Index | LR | ANN | P Value |
---|---|---|---|
Area under the ROC curve | 0.695 (0.571 - 0.820)a | 0.869 (0.785 - 0.952) | 0 |
Accuracy rate | 75.96 (75.23 - 76.35) | 90.65 (90.31 - 91.01) | 0 |
Results of Comparing 300 Pairs of Logistic Regression (LR) and Neural Network Models (ANNs)
Figure 1 illustrates the ROC curve for both models. Another index of fitness is the classification of accuracy rate that is the proportion of cases correctly classified in each group. Values 0.5 to 1 show the ability to recognize the models. The correct predicted proportion in Table 3 indicates the proper classification of the neural network model compared with LR. According to this table, the accuracy rate was 90.65 % for the final neural network model and 75.96 % for final LR model.
5. Discussion
Studies which have been conducted on statistical modeling of post-traumatic psychological symptom (15, 17-20) mostly aimed to examine the effective factors on psychological symptoms by using the LR model. However, in the present study, we aimed to investigate the prediction of accuracy and precision of LR and neural network models for the first time. The results show ANN performs well compared with its conventional alternative.
ANN is not limited in its formulated function and can capture complicated patterns more flexibly than the LR (21, 22). ANN is capable of finding patterns despite the missing data.
ANNs are semi parametric classifiers, which are more flexible than parametric models. A very copacetic characteristic of these models is their learning procedure, i.e. learning by examples. When there is little information of the actual connection, this specific makes them more powerful in pattern recognition. Moreover, since ANN has no constraint regarding its formulated function, it is more pliable and has more stability in simulating complicated patterns than LR (23). Another favorable feature of ANN is their capability to find patterns despite of missing data. They are powerful networks, which are tolerant in searching incomplete noisy patterns.

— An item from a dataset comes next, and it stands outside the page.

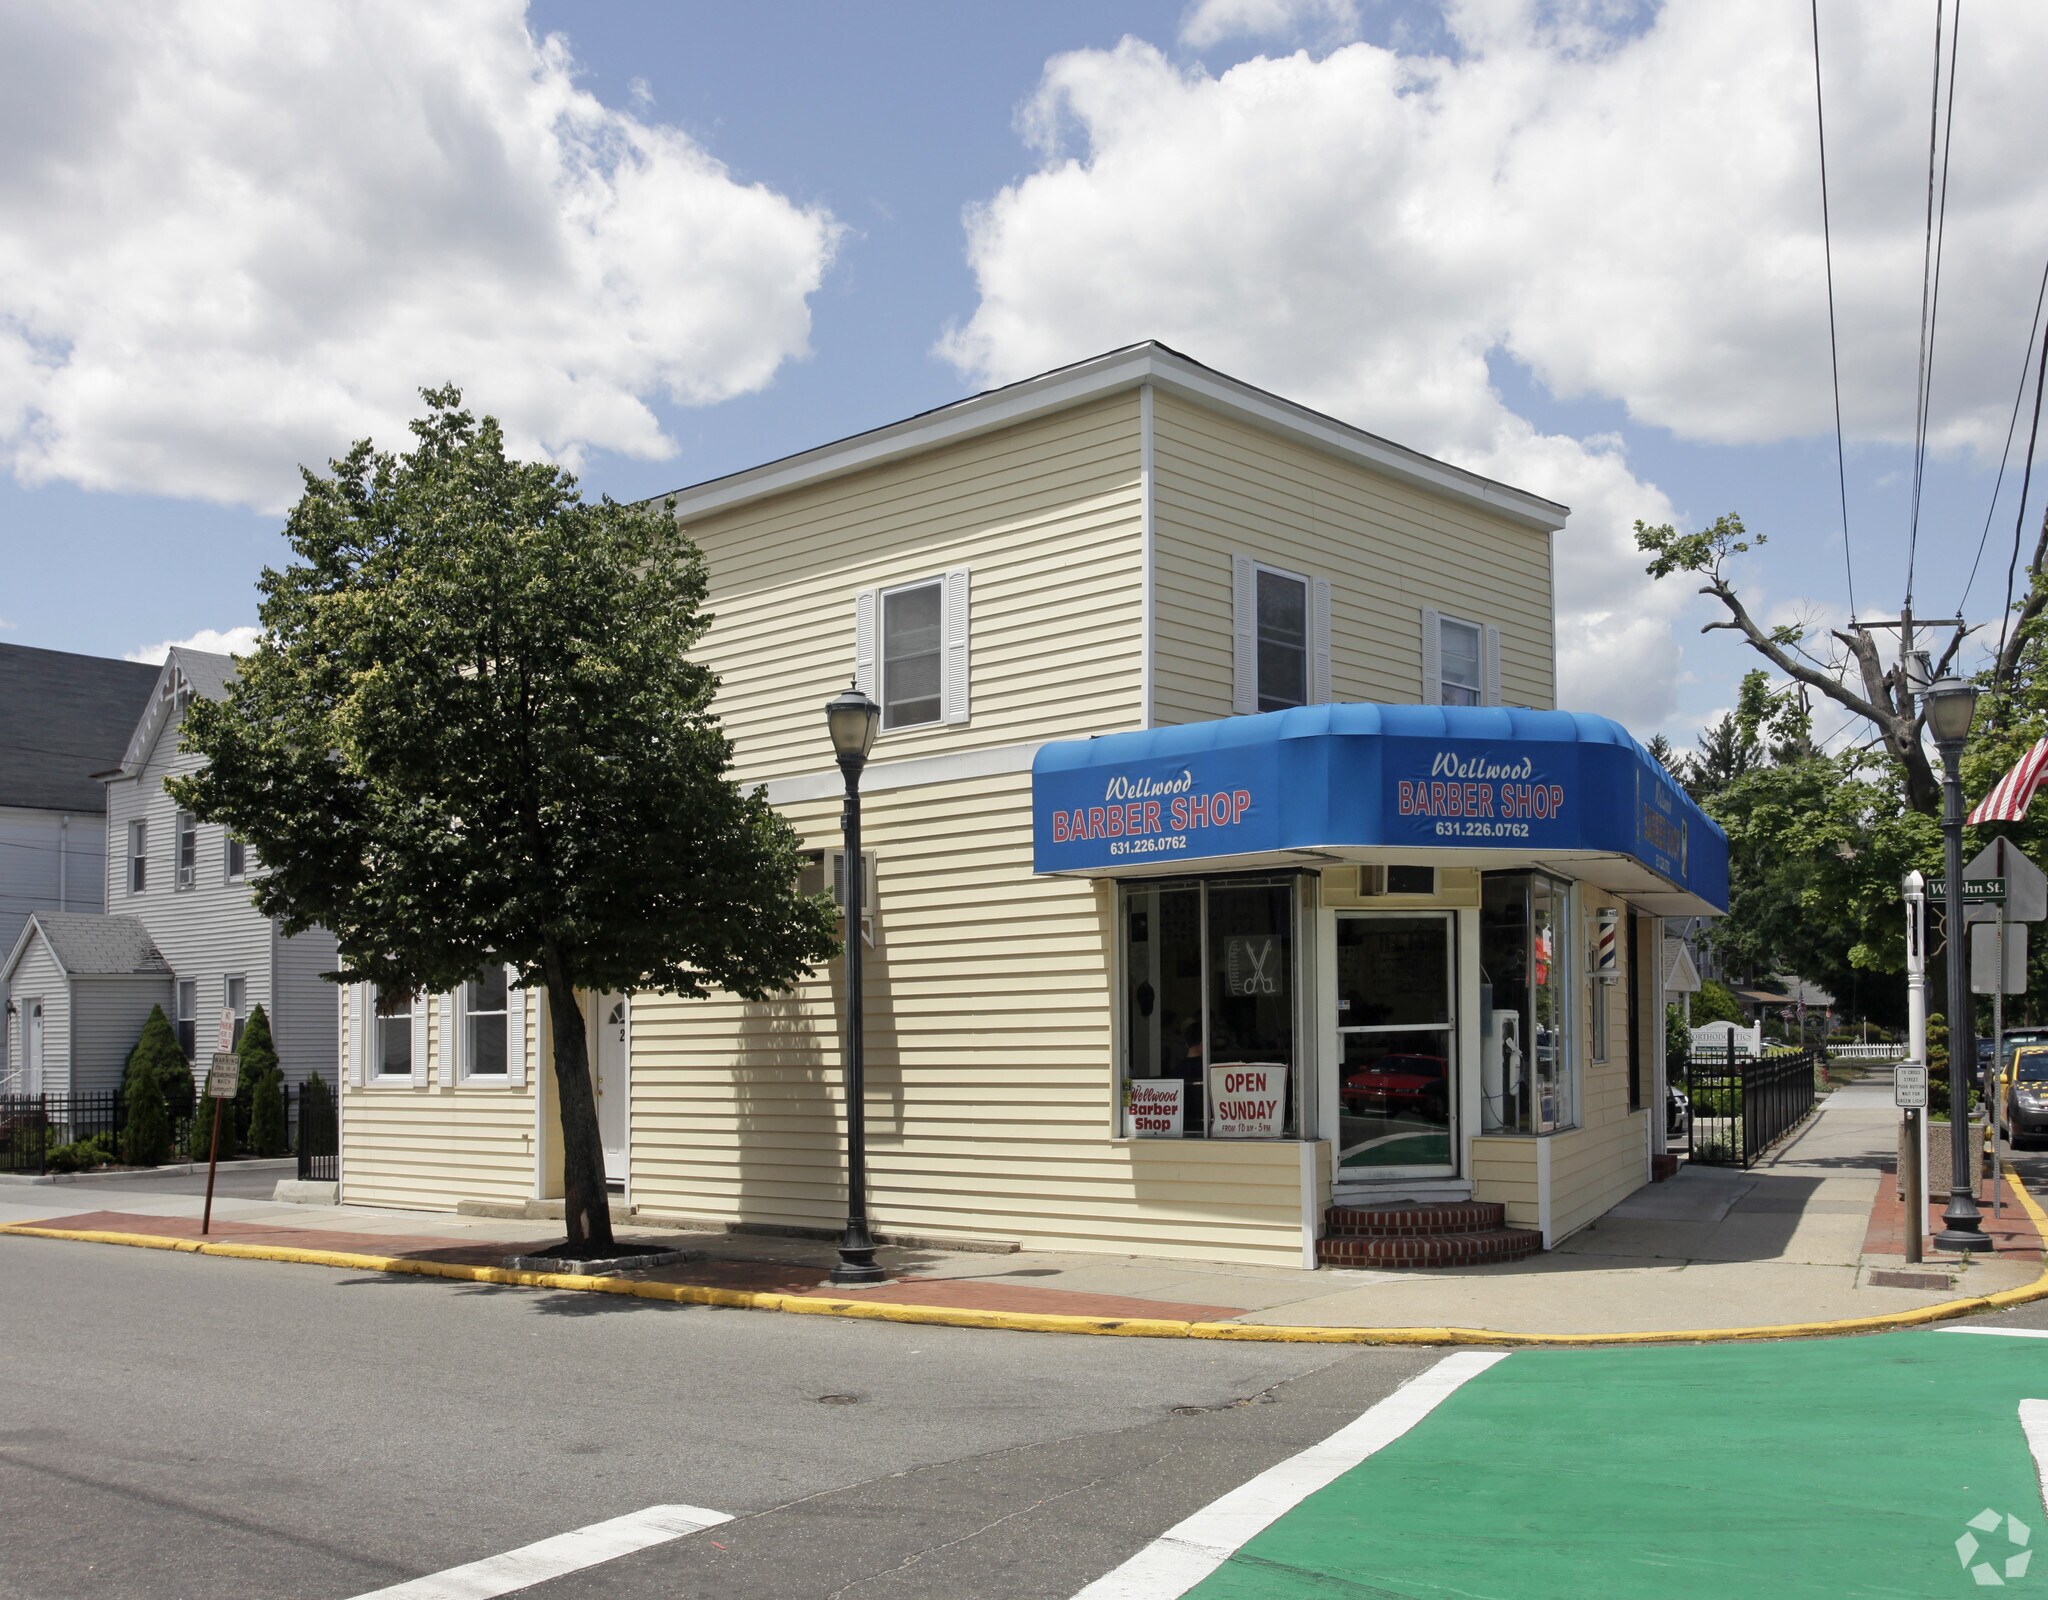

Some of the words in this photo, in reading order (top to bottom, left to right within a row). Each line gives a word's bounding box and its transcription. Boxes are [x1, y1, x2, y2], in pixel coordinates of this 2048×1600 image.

There are some problems in practical application of ANN: we should firstly note that designing a network is not so easy and knowing the fundamental theory is necessary. Secondly, no formal techniques are available to test the relative relevance of the input variables and to make the variable selection process in non-linear methods (24). Thirdly, we may find no etiologic interpretation for the calculated weights in the network as compared in the conventional models (25). No mathematical relationship is determined between target and input variables. And finally, we should know that learning an ANN is computationally time consuming which requires sophisticated software.
Despite all problems, there are some situations where the use of old-style models is impossible and we need some other alternatives. Using the old-style models requires many assumptions that may not be true in some real requests (26). Contravention of these assumptions may generate error in hypothesis testing and prediction. Since the logistic models use linear combination of variables therefore, they are not suitable for modeling multifaceted relationships.
As a general result, ANN may be the best choice when the complex dependencies and interactions exist in the dataset. In contrast, when the most important goal of modeling is causal conclusion among variables and we want to identify the effect of each variable on the response variable, LR is useful.
As a conclusion, neural network is an appropriate approach for predicting psychological symptoms in trauma patients. Thus, resulted predictions of this method can be used in classifying trauma patients which should be followed by recognizing the required healthcare resources according to patients’ needs. In addition, considering that almost all predictive models use linear and logistic methods for analysis, applying discovered nonlinear relationships in nervous system can be helpful in planning more efficient programs for screening individuals susceptible to psychological symptoms.